It all starts from literacy
These are the types of programmes which have helped us achieve improved literacy rates, reduce early school-leaving and strengthen student attainment figures
Part of the most important literacy initiatives included in the National Literacy Strategy are the reading recovery programmes. Reading recovery involves a short series of daily one-to-one lessons with a specially trained teacher. Reading recovery is different for every child, starting from what the child knows and what he or she needs to learn next. The focus of each lesson is to comprehend messages in reading and construct messages in writing, learning how to use letter and word detail fluently without losing focus on meaning and comprehension.
These programmes are crucial in identifying children with literacy difficulties early, and help create an outline for a way forward on how to go about addressing it. This identification often goes missing in our education system and we simply expect the child to make for loss of ground by magic. It is also helpful for the educator because it allows one to understand the different levels of attainment and help fill in these gaps.
These are the types of programmes which have helped us achieve improved literacy rates, reduce early school-leaving and strengthen student attainment figures. Literacy is often seen as the most fundamental of principles in education because when literacy is weak, so is the rest.
How technology and education can merge
The Malta Robotics Olympiad is the perfect example of how technology, education and having a fun time can all be under the same roof. Some subjects might seem dreary in textbooks but when they are applied to interesting projects and cool technology, they spring into life. It is great to see children, young people and not-so-young people look at the code behind a robotic movement or solve logic problems in AI scenarios. We need more of this in education, and it should not be limited to the MRO but throughout the year.
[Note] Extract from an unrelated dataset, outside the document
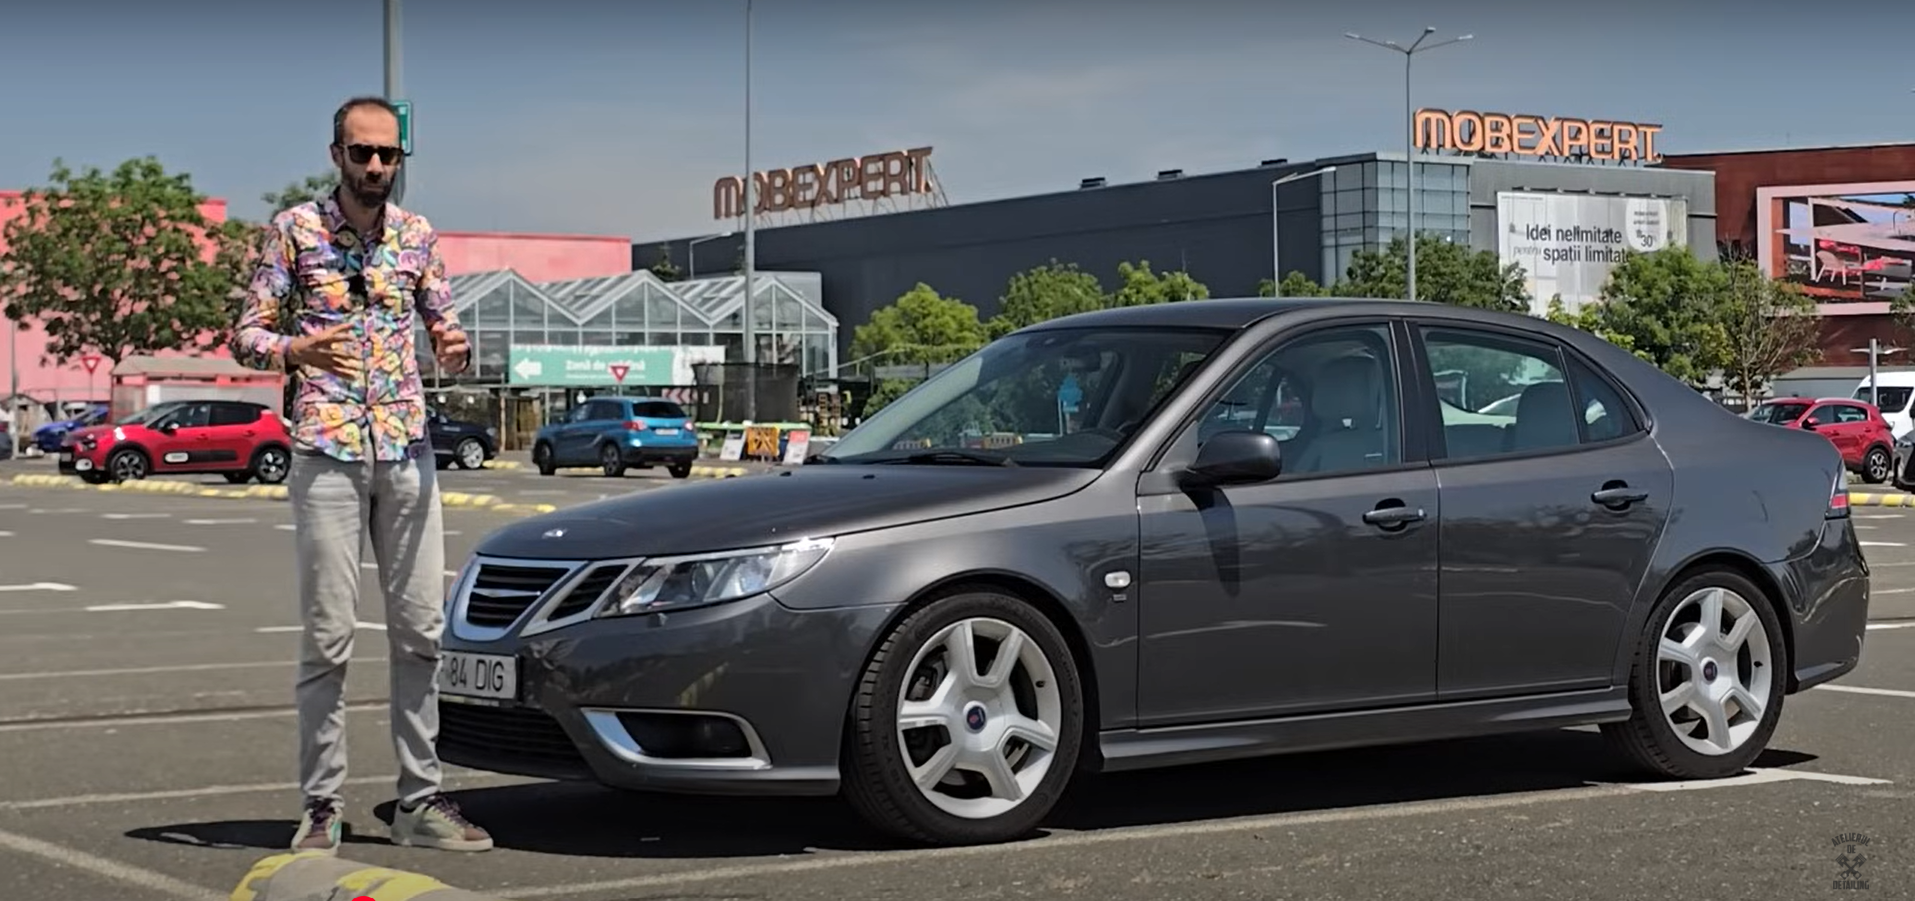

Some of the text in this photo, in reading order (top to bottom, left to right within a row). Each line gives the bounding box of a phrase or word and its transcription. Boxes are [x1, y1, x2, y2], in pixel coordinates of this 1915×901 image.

[1526, 224, 1551, 241] Idei
[1556, 225, 1622, 244] nelimitate
[451, 657, 467, 688] 84
[475, 659, 504, 692] DIG
In a time and age where engagement in education for young people is so difficult, we have to adapt things to keep bridging the gap. If we persist in the olden ways, the spark of curiosity and interest will simply be replaced by something other than education. I strongly believe this to be the next challenge for the educational system, especially since children today have a phone at their fingertips and a tablet before they have hard shoes.
We can blame it on many things: social media, game consoles, parents and a million other things. But the truth is that engaging young people needs to start from within.
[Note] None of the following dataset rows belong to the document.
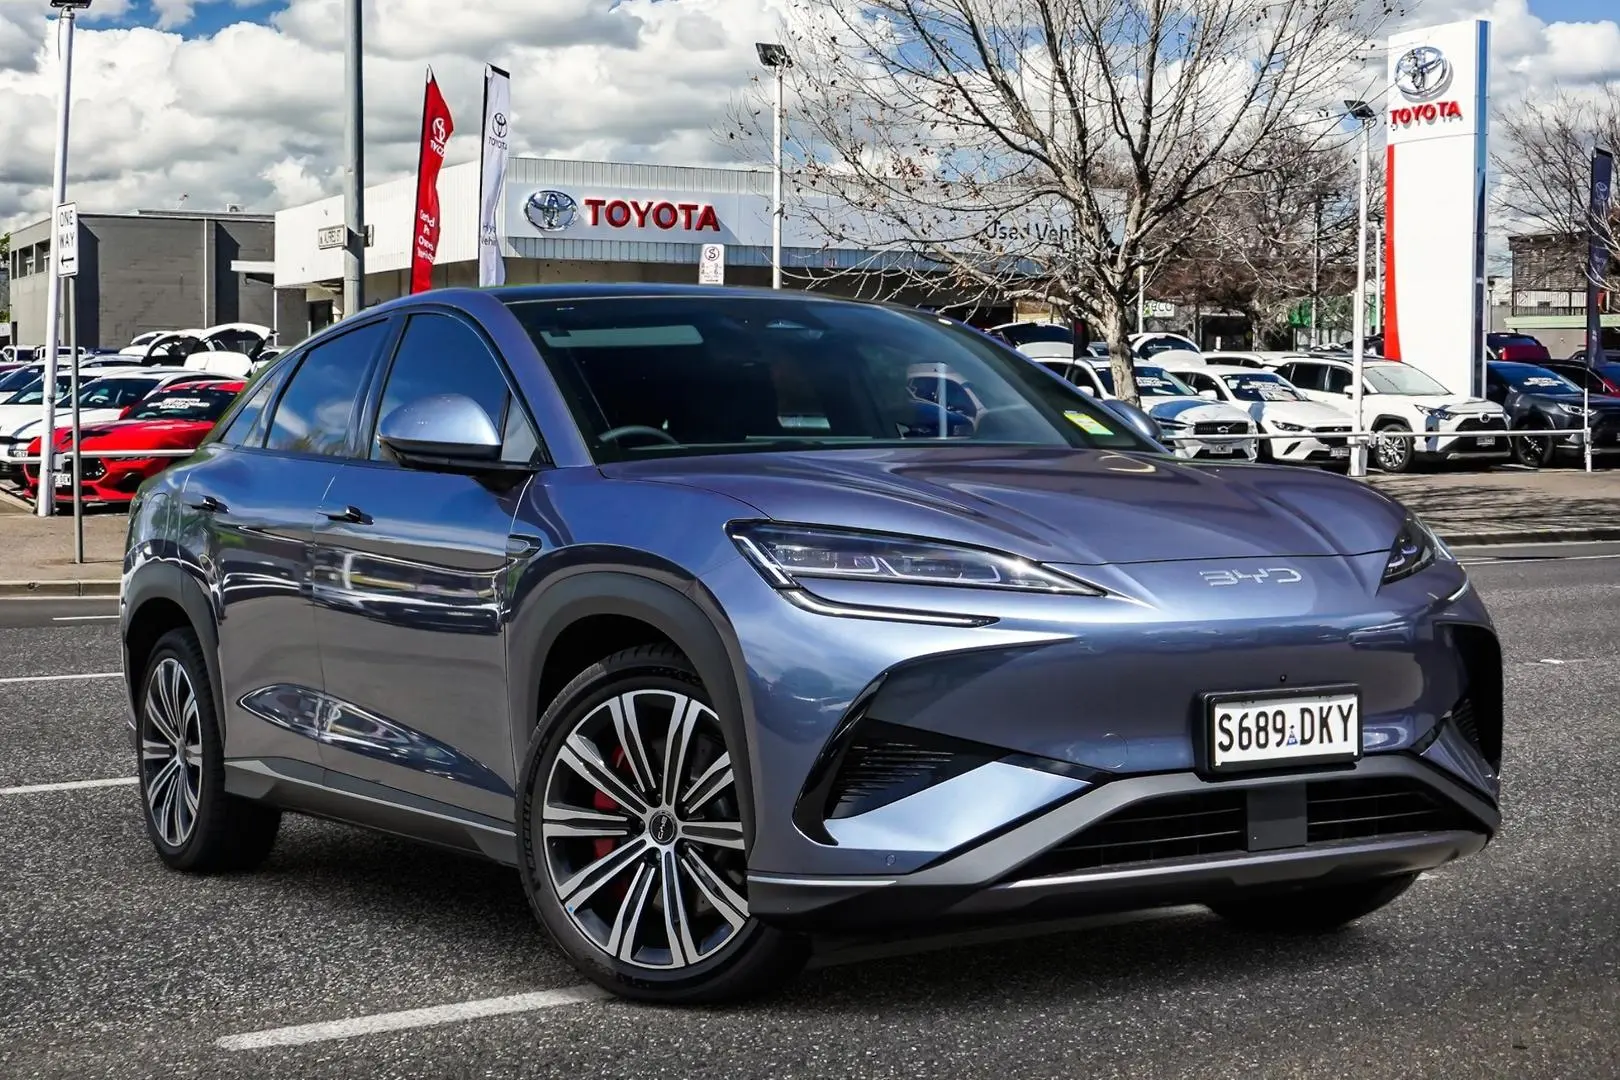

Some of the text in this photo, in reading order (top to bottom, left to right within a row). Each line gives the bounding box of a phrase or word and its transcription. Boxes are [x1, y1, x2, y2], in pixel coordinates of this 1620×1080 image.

[1390, 101, 1463, 125] TOYOTA
[489, 136, 508, 150] TOYOTA
[60, 209, 74, 228] ONE
[584, 199, 721, 232] TOYOTA
[60, 232, 75, 248] WAY
[985, 220, 1030, 240] Used
[1200, 567, 1303, 587] BYD
[1217, 703, 1354, 753] S689 DKY
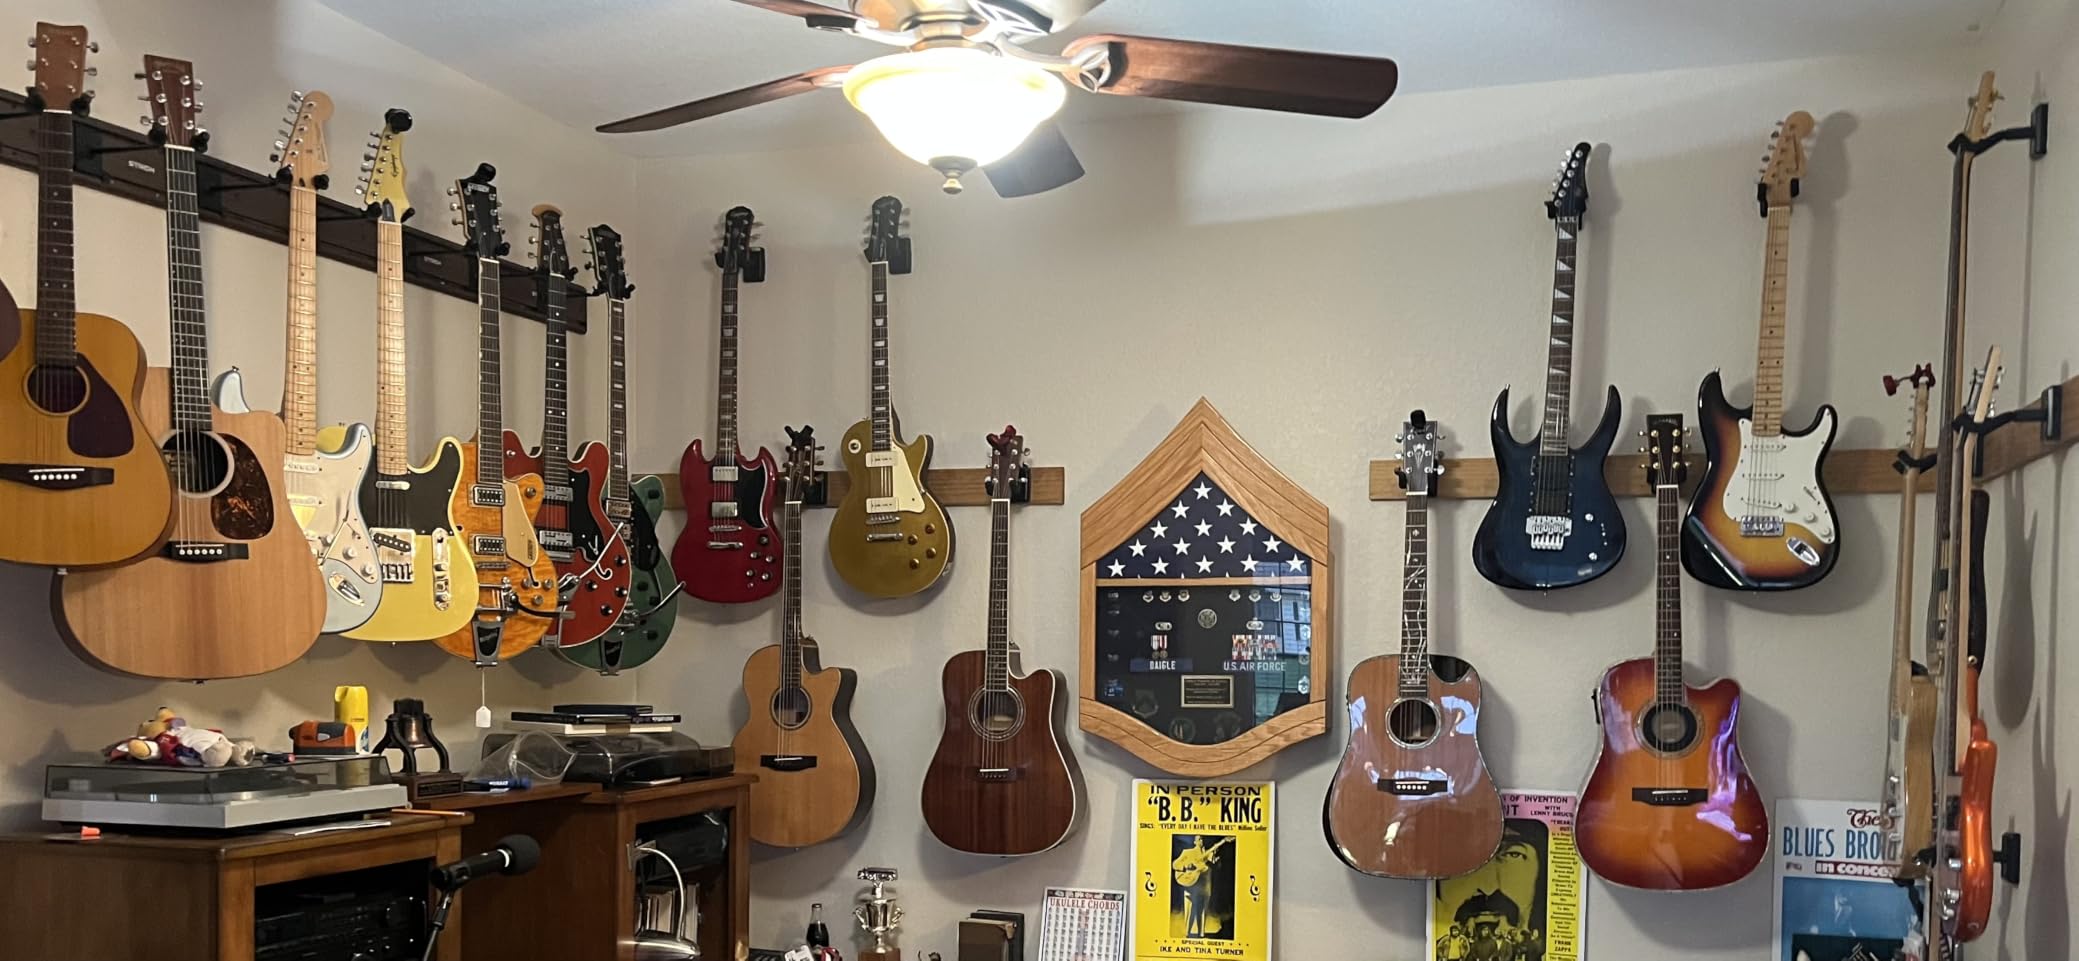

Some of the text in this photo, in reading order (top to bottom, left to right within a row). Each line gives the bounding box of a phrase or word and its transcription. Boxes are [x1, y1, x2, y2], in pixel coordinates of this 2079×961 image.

What a football match teaches us
The Tottenham comeback against Ajax earlier this week was the greatest comeback... since the previous night. Liverpool’s night of folly at Anfield against Messi’s Barcelona will become one for the history books. It was indeed a great week for football. I think there’s a beautiful lesson in both comebacks and that in the end, it does not matter how expensive your team is, how likely or unlikely you are to succeed or how difficult the task is, at the end it is about heart and determination. I truly believe that if Liverpool and Spurs didn’t score their respective last goal and didn’t make it through, their supporters would be just as proud.
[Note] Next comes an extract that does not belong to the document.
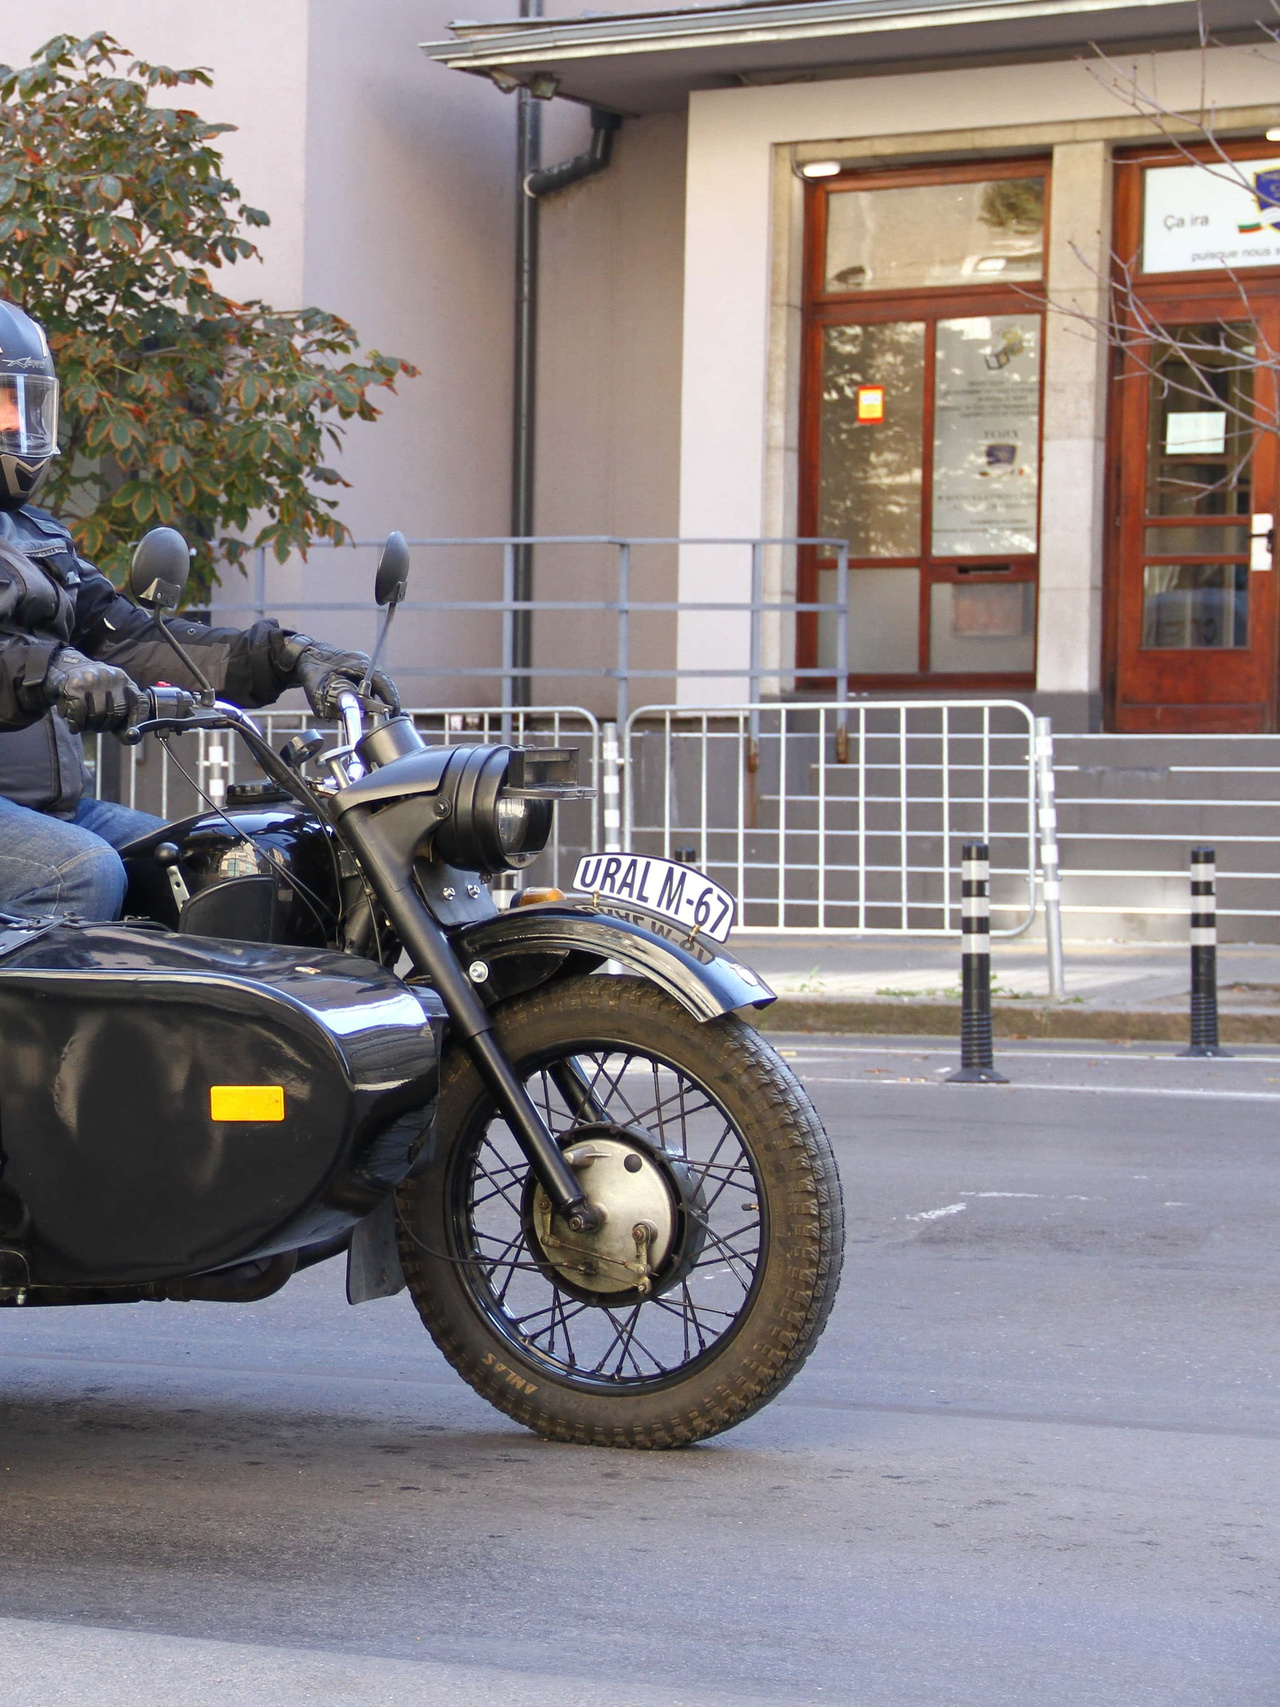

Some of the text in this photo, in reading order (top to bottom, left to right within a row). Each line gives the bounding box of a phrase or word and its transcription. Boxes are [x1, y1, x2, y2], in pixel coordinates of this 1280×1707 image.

This is not just a footballing lesson, but a life lesson. Give your heart out in what you do, and you’ll be proud to look yourself in the mirror. It does not matter how ambitious the result is, what truly matters is the determination, heart and grit of your try.
It was a beautiful footballing spectacle which pushed the limits of the imagination, and I suspect the limit of some people’s heart valves. But in the end, as in life, it is giving it all that matters.